* **WORK ORDER**: Before you write out the listing, remove the pictures; everything else stays exactly as it is.

+-------+

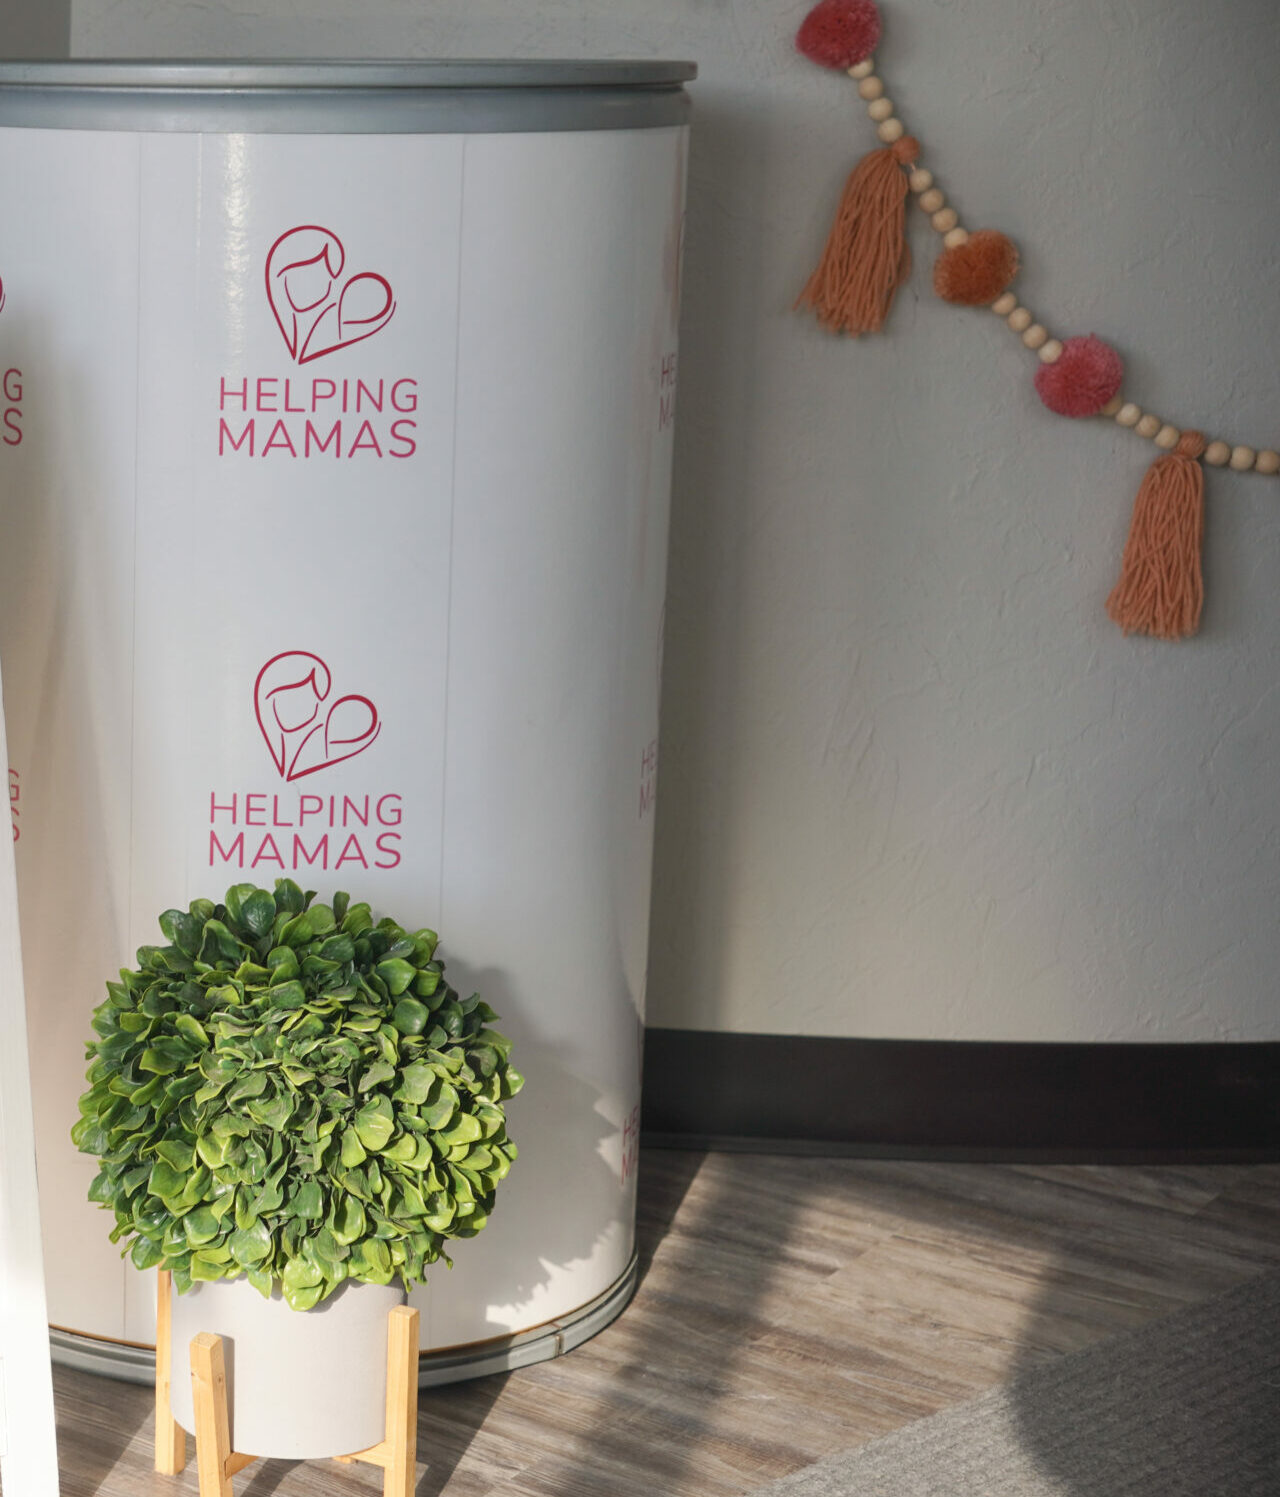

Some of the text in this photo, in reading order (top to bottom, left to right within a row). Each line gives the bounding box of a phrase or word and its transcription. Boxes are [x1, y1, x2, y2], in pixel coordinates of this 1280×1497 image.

[219, 376, 418, 413] HELPING
[219, 417, 417, 459] MAMAS
[210, 791, 402, 828] HELPING
[209, 829, 401, 871] MAMAS
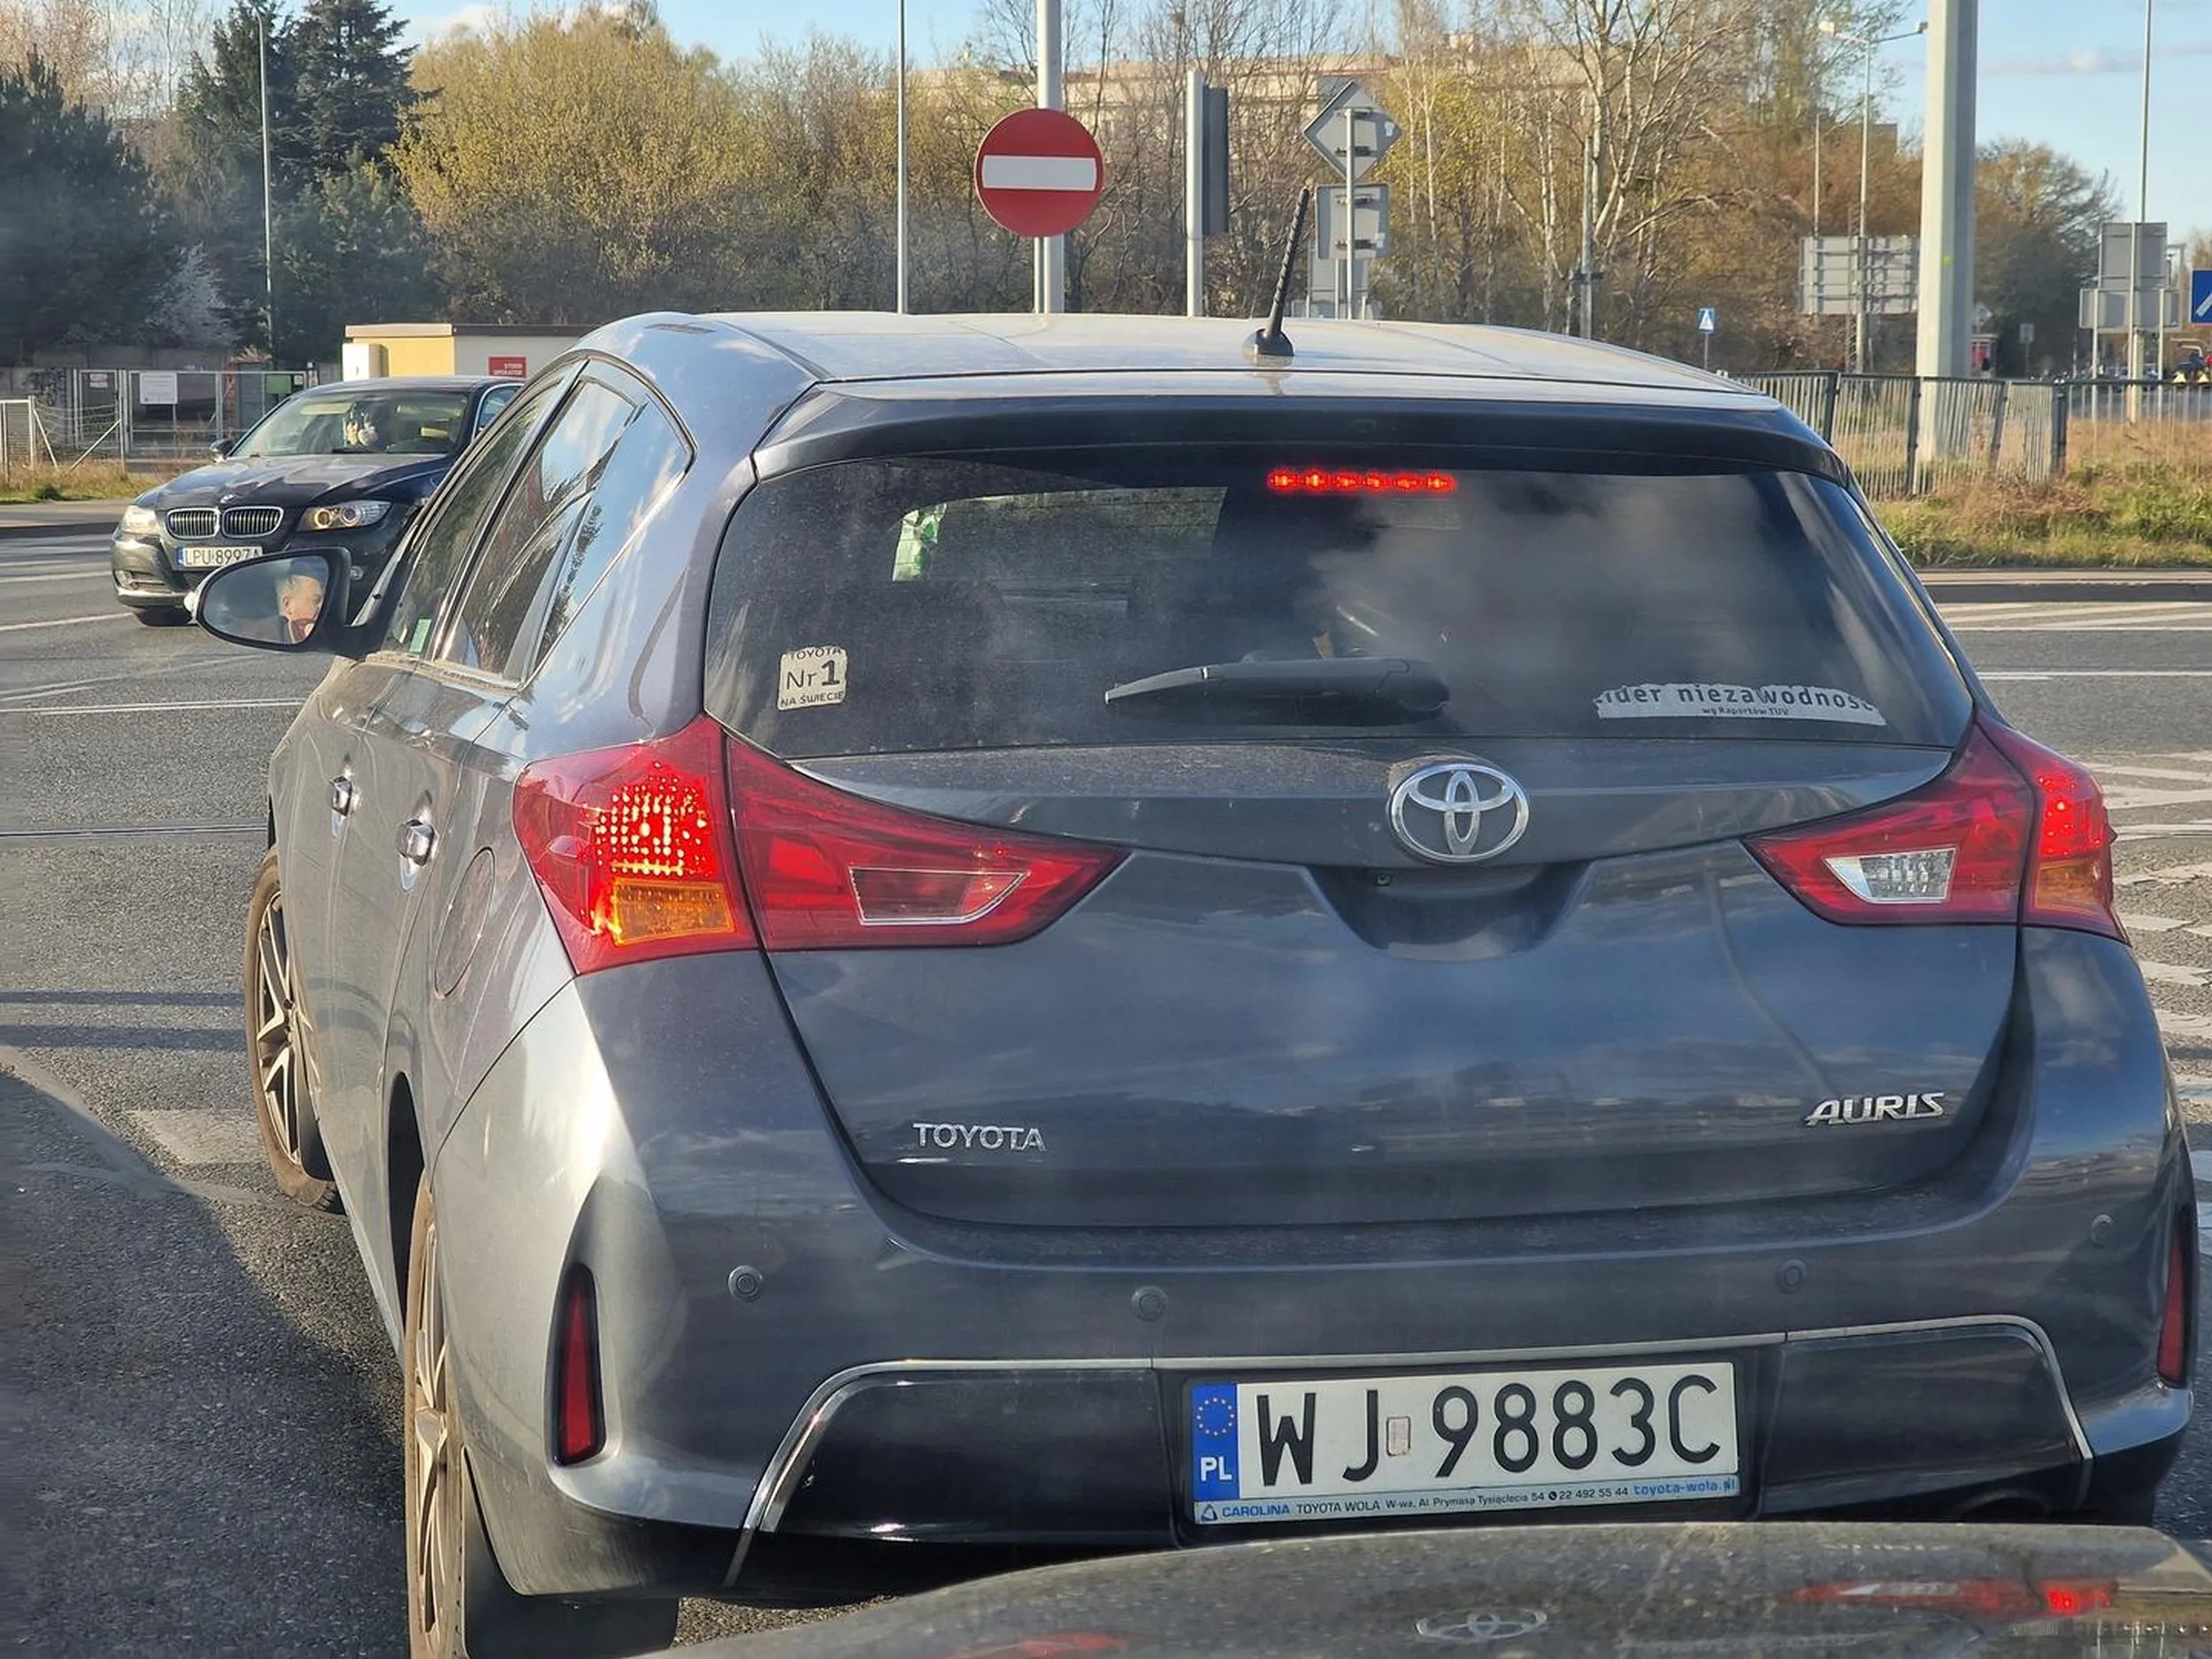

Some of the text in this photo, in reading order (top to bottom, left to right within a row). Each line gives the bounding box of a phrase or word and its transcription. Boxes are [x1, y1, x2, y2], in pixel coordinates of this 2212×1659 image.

[185, 549, 212, 565] LPU
[787, 647, 842, 661] TOYOTA
[787, 659, 841, 690] Nr 1
[781, 697, 796, 706] NA
[1678, 684, 1873, 711] niezawodnos
[1804, 1092, 1945, 1127] AURIS
[912, 1122, 1046, 1152] TOYOTA
[1256, 1374, 1721, 1487] WJ 9883C
[1200, 1456, 1233, 1482] PL
[1222, 1504, 1291, 1517] CAROLINA
[1296, 1502, 1341, 1515] TOYOTA
[1345, 1499, 1381, 1512] WOLA
[1432, 1495, 1476, 1508] Prymasa
[1531, 1491, 1546, 1502] 54
[1559, 1490, 1573, 1501] 22
[1575, 1488, 1596, 1499] 492
[1598, 1487, 1612, 1498] 55
[1614, 1486, 1629, 1496] 44
[1633, 1476, 1736, 1496] toyota-wola.pl

+-------+

* **RESPONSE TO THIS EXERCISE**:
Some of the text in this photo, in reading order (top to bottom, left to right within a row). Each line gives the bounding box of a phrase or word and its transcription. Boxes are [x1, y1, x2, y2], in pixel coordinates of this 1280×1497 image.

[219, 376, 418, 413] HELPING
[219, 417, 417, 459] MAMAS
[210, 791, 402, 828] HELPING
[209, 829, 401, 871] MAMAS

Some of the text in this photo, in reading order (top to bottom, left to right within a row). Each line gives the bounding box of a phrase or word and its transcription. Boxes are [x1, y1, x2, y2], in pixel coordinates of this 2212×1659 image.

[185, 549, 212, 565] LPU
[787, 647, 842, 661] TOYOTA
[787, 659, 841, 690] Nr 1
[781, 697, 796, 706] NA
[1678, 684, 1873, 711] niezawodnos
[1804, 1092, 1945, 1127] AURIS
[912, 1122, 1046, 1152] TOYOTA
[1256, 1374, 1721, 1487] WJ 9883C
[1200, 1456, 1233, 1482] PL
[1222, 1504, 1291, 1517] CAROLINA
[1296, 1502, 1341, 1515] TOYOTA
[1345, 1499, 1381, 1512] WOLA
[1432, 1495, 1476, 1508] Prymasa
[1531, 1491, 1546, 1502] 54
[1559, 1490, 1573, 1501] 22
[1575, 1488, 1596, 1499] 492
[1598, 1487, 1612, 1498] 55
[1614, 1486, 1629, 1496] 44
[1633, 1476, 1736, 1496] toyota-wola.pl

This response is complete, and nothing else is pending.